In the elections of Norway, a Kurdish candidate is about to become the country's first Kurdish member of parliament.Seher Aydın, the Red Party's candidate for Oslo, is ambitious.Mani Huseyni of the Workers Party from Rojava is also expected to be elected.

In Norway, 169 delegates from 19 constituencies are elected to the Assembly (Stortinget) every four years in September.

There are nine major political parties across the country, and several local political parties compete in regional elections. The last day to vote is today.

For the past eight years, Norway has been governed by a coalition of right-wing and liberal parties (Hyre and FRP, and later Hyre, Liberal, and Christian parties).

Privatization, tax cuts for the wealthy, growth of the income gap, and restrictions on employees' rights have all contributed to widespread dissatisfaction in recent years, due to the Erna Solberg-led administration. The harsh and restrictive policies of the radical right-wing FRP, the government's previous junior partner, drew many closer to the left parties.

The Red Party (Rødt) is one of the most popular and well-supported political parties in the country. Only party head Bjørnar Moxnes was elected to parliament in the last election. According to polls, Rødt is gaining ground on centre-right parties.

Rødt's election campaign continues with the theme of equality, justice, and solidarity. Its promises include free crèches, free healthcare (particularly dental care), solidarity with oppressed peoples, and protection of workers’ rights.

Rødt draws attention as a sensitive party about the Kurdish issue.

They sent delegations to Kurdistan on numerous occasions and conducted on-site inspections. Bjørnar Moxnes, the party's head, has often questioned the government on Turkey's war on the Kurdish people, isolation, fascism, and occupation.

Seher Aydın is another Kurdish name that stands out among Rødt's candidates. She attracts attention as a Kurdish candidate about to enter the Norwegian Parliament for the first time in the general elections.


Seher Aydın is the child of a patriotic family that came to Norway from Konya when she was a child.

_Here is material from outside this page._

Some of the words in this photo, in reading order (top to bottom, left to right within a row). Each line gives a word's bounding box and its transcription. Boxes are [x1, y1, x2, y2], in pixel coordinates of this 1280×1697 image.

Although she is young, she has long been involved in women's movements, non-governmental organizations, and anti-racist organizations.

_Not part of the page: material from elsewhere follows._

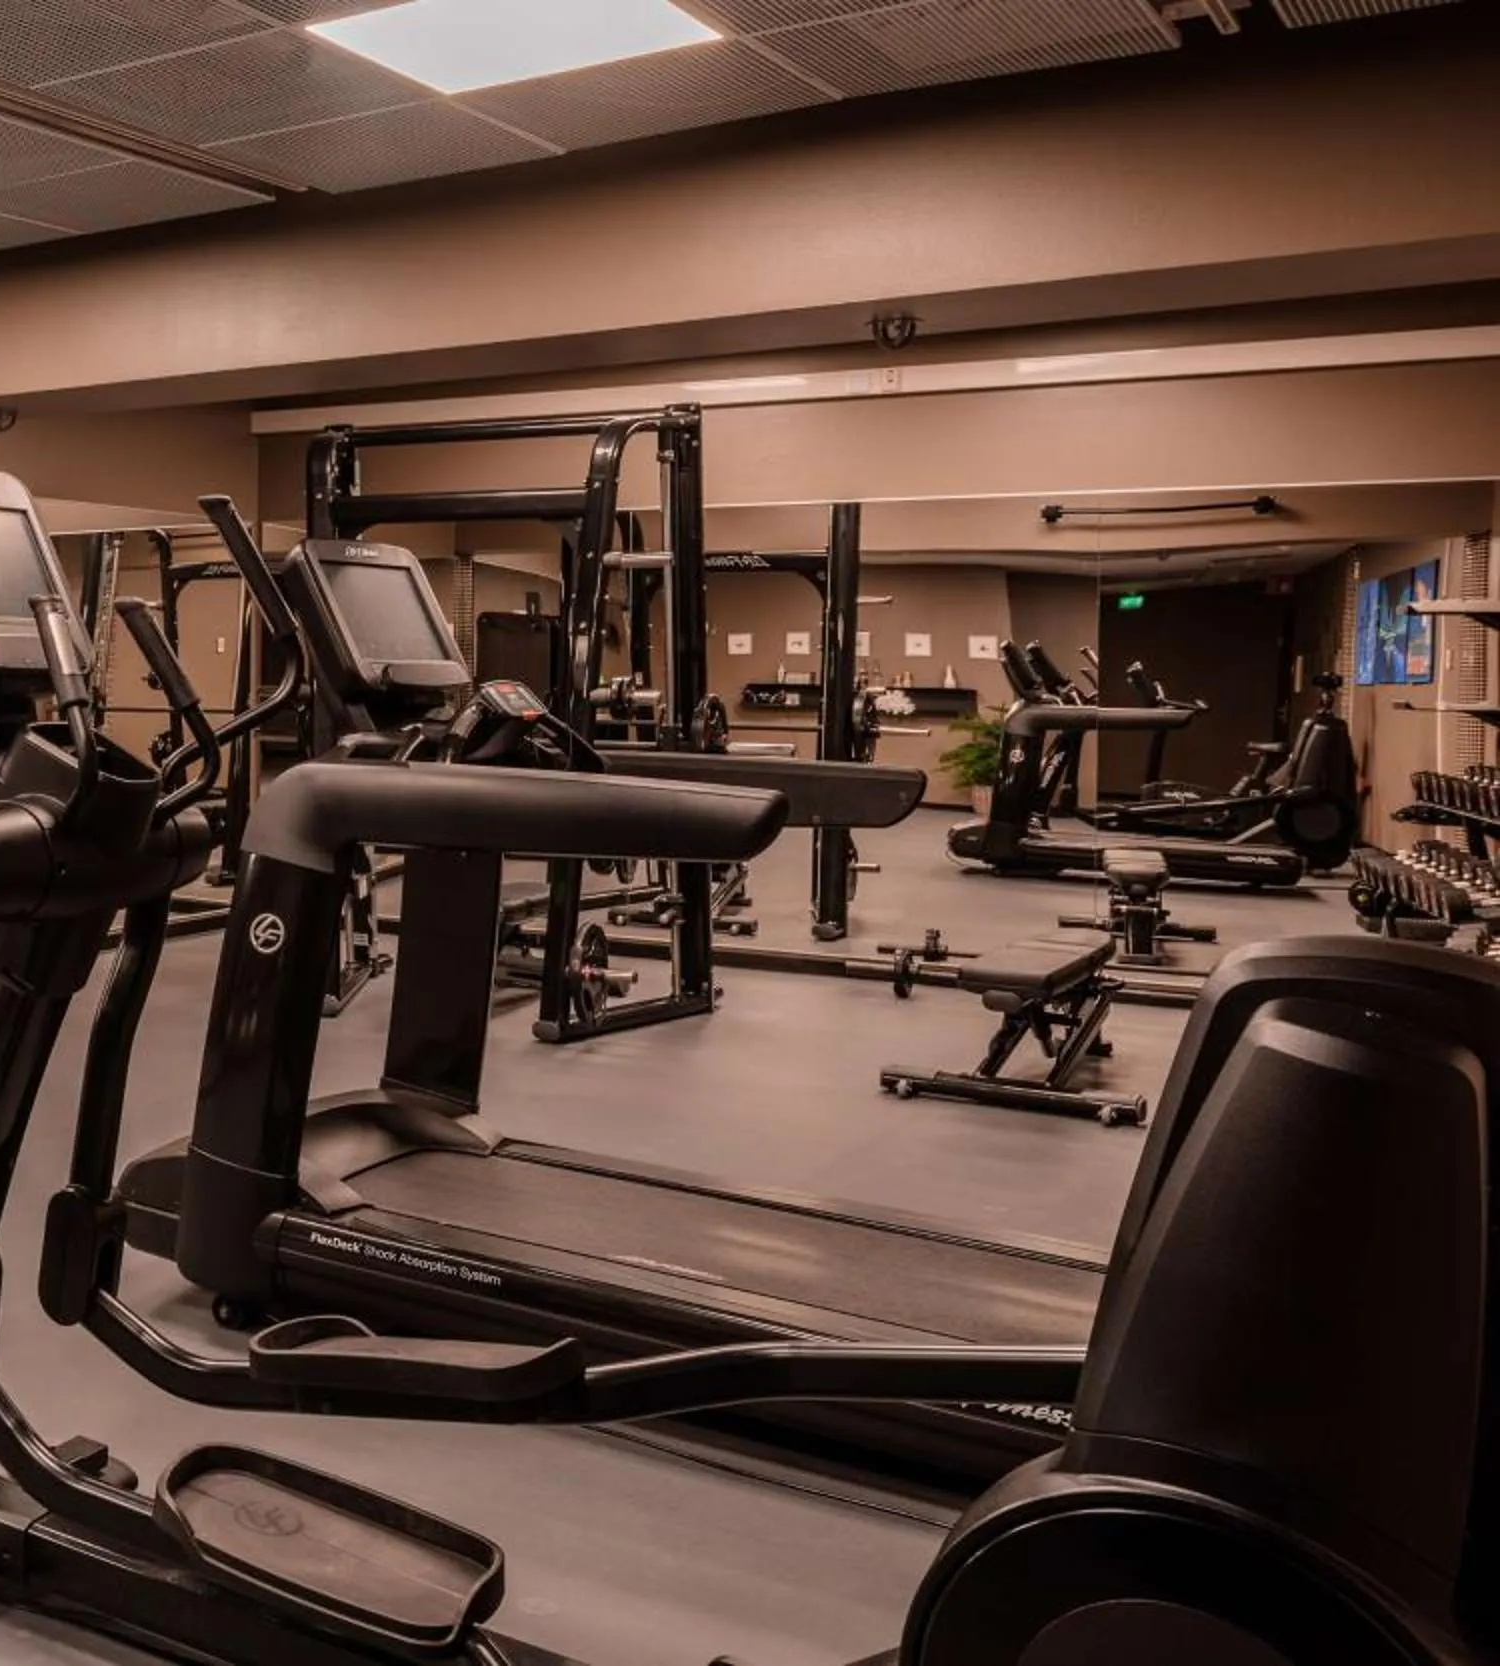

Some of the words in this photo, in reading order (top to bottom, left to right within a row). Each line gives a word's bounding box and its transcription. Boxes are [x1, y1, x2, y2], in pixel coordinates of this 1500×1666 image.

Aydın, a member of the Red Party Central Board, ran as the city of Oslo's second ordinary candidate in the September 13 elections. Bjønar Moxnes, Chairman of Rødt, is currently in the first place.

Seher Aydın's election campaign continued with meetings, panels, and visits between Norwegians and foreigners living in the country. Aydın urged all those with the right to vote in Norway, particularly the Kurdish and Turkish peoples, to vote. Today, 3.9 million voters, half of them are young people, will cast their votes.

For the first time, a Kurd can enter the Norwegian Parliament in these elections, which Kurds in Norway hold in high regard. Seher Aydın will be the voice of all oppressed and exploited workers, Kurds, and Kurdistani rights; she will fight for justice, equality, and freedom; and she has stated that she will oppose war, fascism, and occupation.


Mani Huseyni is another Kurdish candidate. A member of the Labor Party. The 5th parliamentary candidate from the Oslo district of Akershus. He's a 33-year-old politician. He and his family moved to Norway from Rojava roughly 23 years ago. Hüseyni got more engaged in politics after graduating from Oslo University's Faculty of Political Sciences, and he claims that if he becomes a member of parliament, he will call the attention of the public and Norwegian politicians to solidarity with the Kurdish people. There is a high probability of victory because, in the previous elections, the Workers Party managed to get 7 deputies from the same region.


Prior to the election, polls revealed that the ruling right-wing party, Høyre, had experienced a significant decline, while the main opposition Labor Party (Ap) was on the rise and was the greatest rival for power.

According to a poll conducted by the daily VG, Rødt could win 11 MPs in this general election. Based on his own survey, Rødt expects to receive 5.4 per cent of the vote. If the election threshold of 4% is exceeded, it is expected that 9 to 11 deputies would be elected. All of these results indicate that the administration will change and that the social democrats and socialists will be able to gain a majority.